But electrons don't concentrate at the nucleus because they are waves and as such, have a volume. And in a more detailed manner: concentrating the electron in a smaller volume implies a higher kinetic energy, which counters the advantage of proximity to the positive nucleus. There is an optimum which is the atom's radius.
In the simple description of the Hydrogen atom, we consider the nucleus as a point particle but in reality, it is not. But what if we consider its size. Then volume element around the nucleus will also increase. From my fuzzy notion, The maxima of the radial probability curve should shift towards the nucleus, since there is a higher volume around the nucleus to start with.
My thought experiment,
What if instead of the nucleus, we take a hollow sphere whose electric field identical (eg. the electric potential at r from the nucleus = electric potential at x from the periphery of this hollow sphere) to the nucleus but has a bigger size.

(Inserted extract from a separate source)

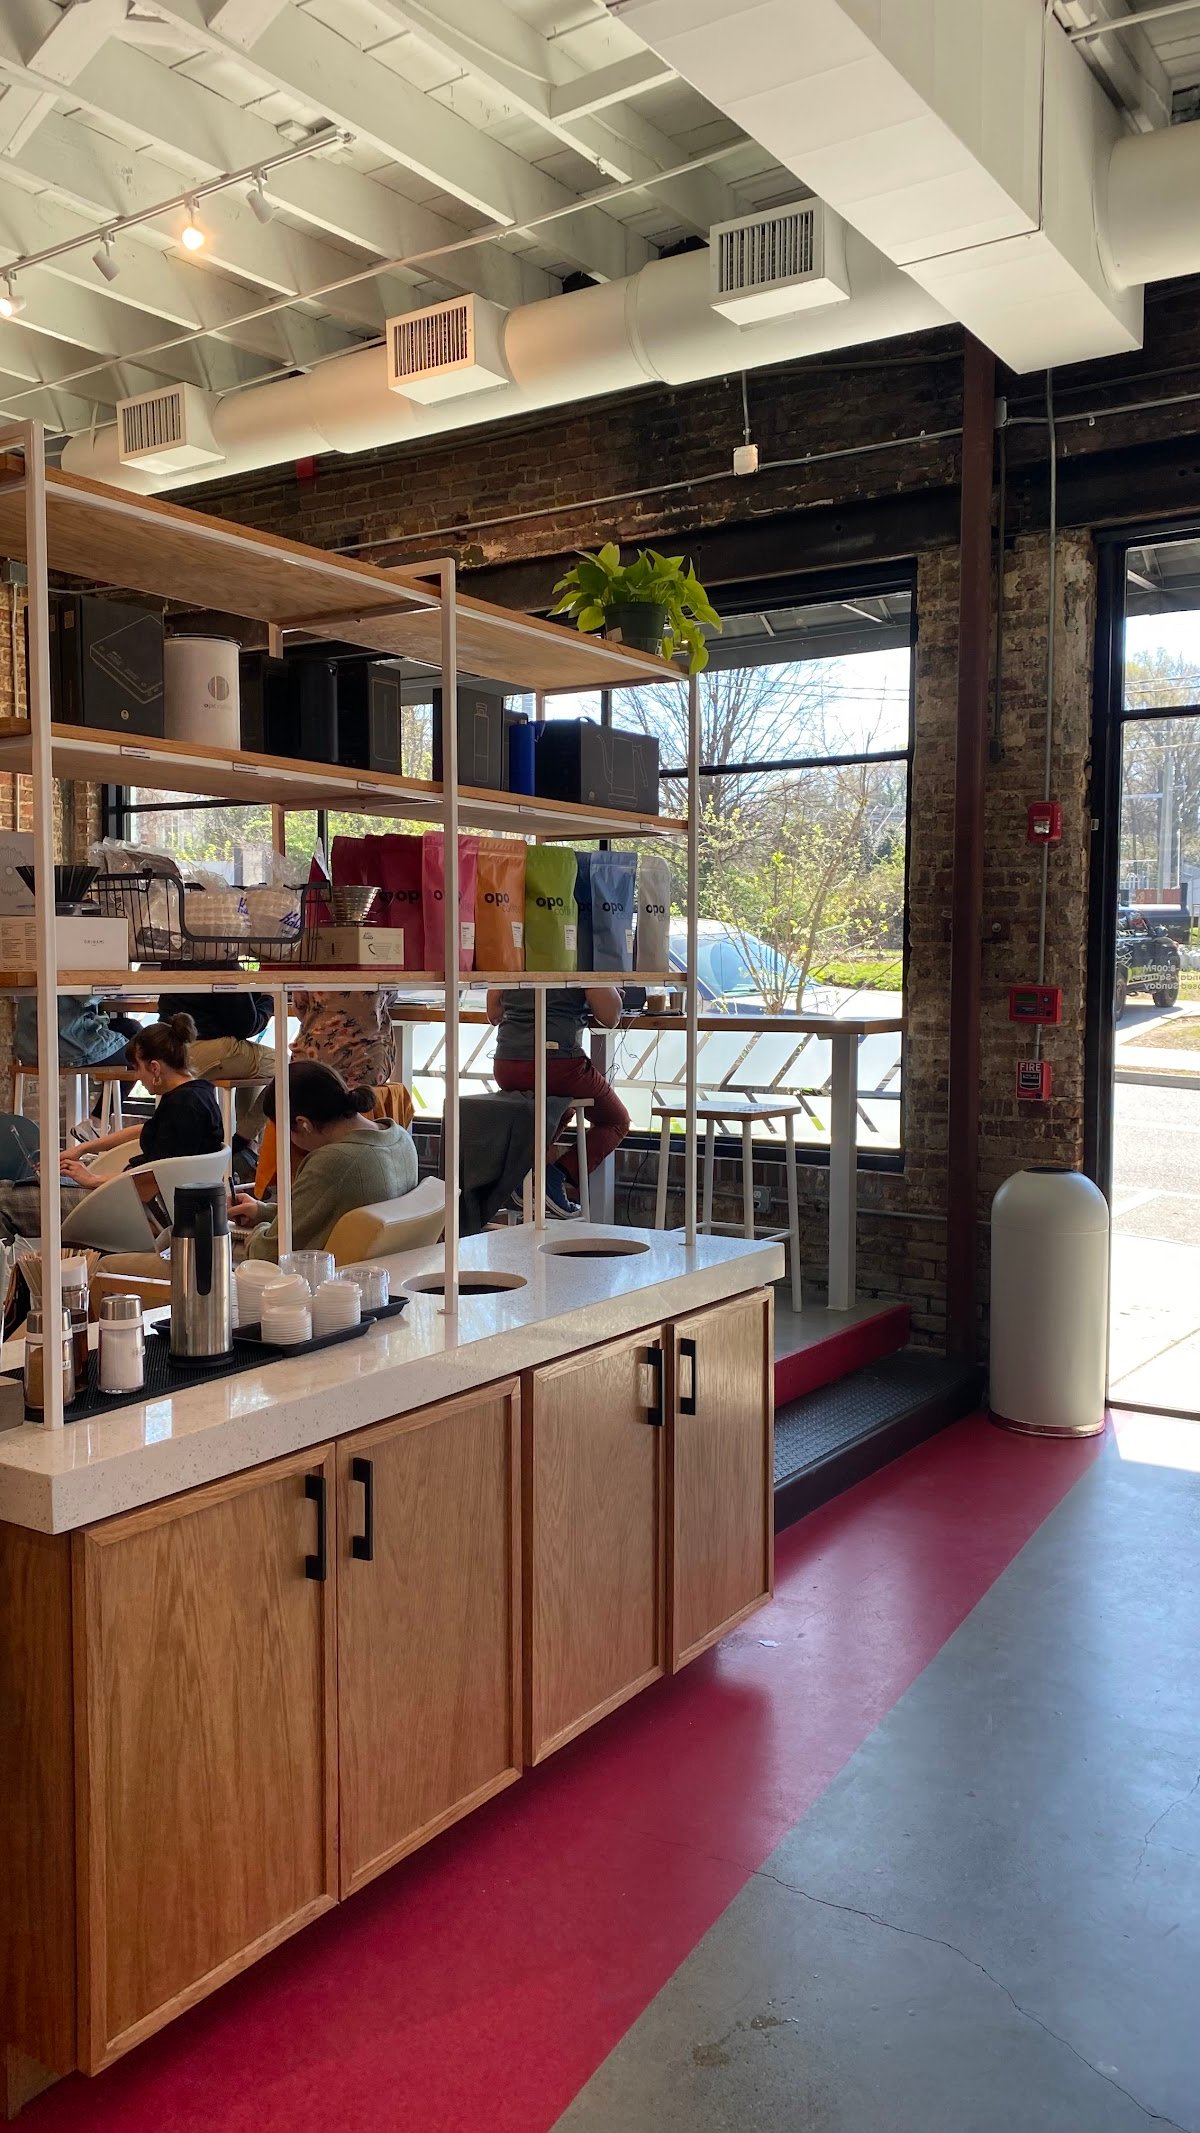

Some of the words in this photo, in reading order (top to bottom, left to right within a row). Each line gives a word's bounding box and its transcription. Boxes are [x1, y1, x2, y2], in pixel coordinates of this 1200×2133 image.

Now the initial volume element will be much bigger than the real case. Will maxima of radial probability will move towards the hollow sphere? Will there be any such case when maxima will be x :rarrow: 0 (like 0.000000001 Å) or rmax :rarrow: ro ? what if ro > 0.59 Å ?
ro = radius of hollow sphere, assuming potential inside the sphere is infinite so that electron can't go inside.
(Not asking about r, r= ro + x )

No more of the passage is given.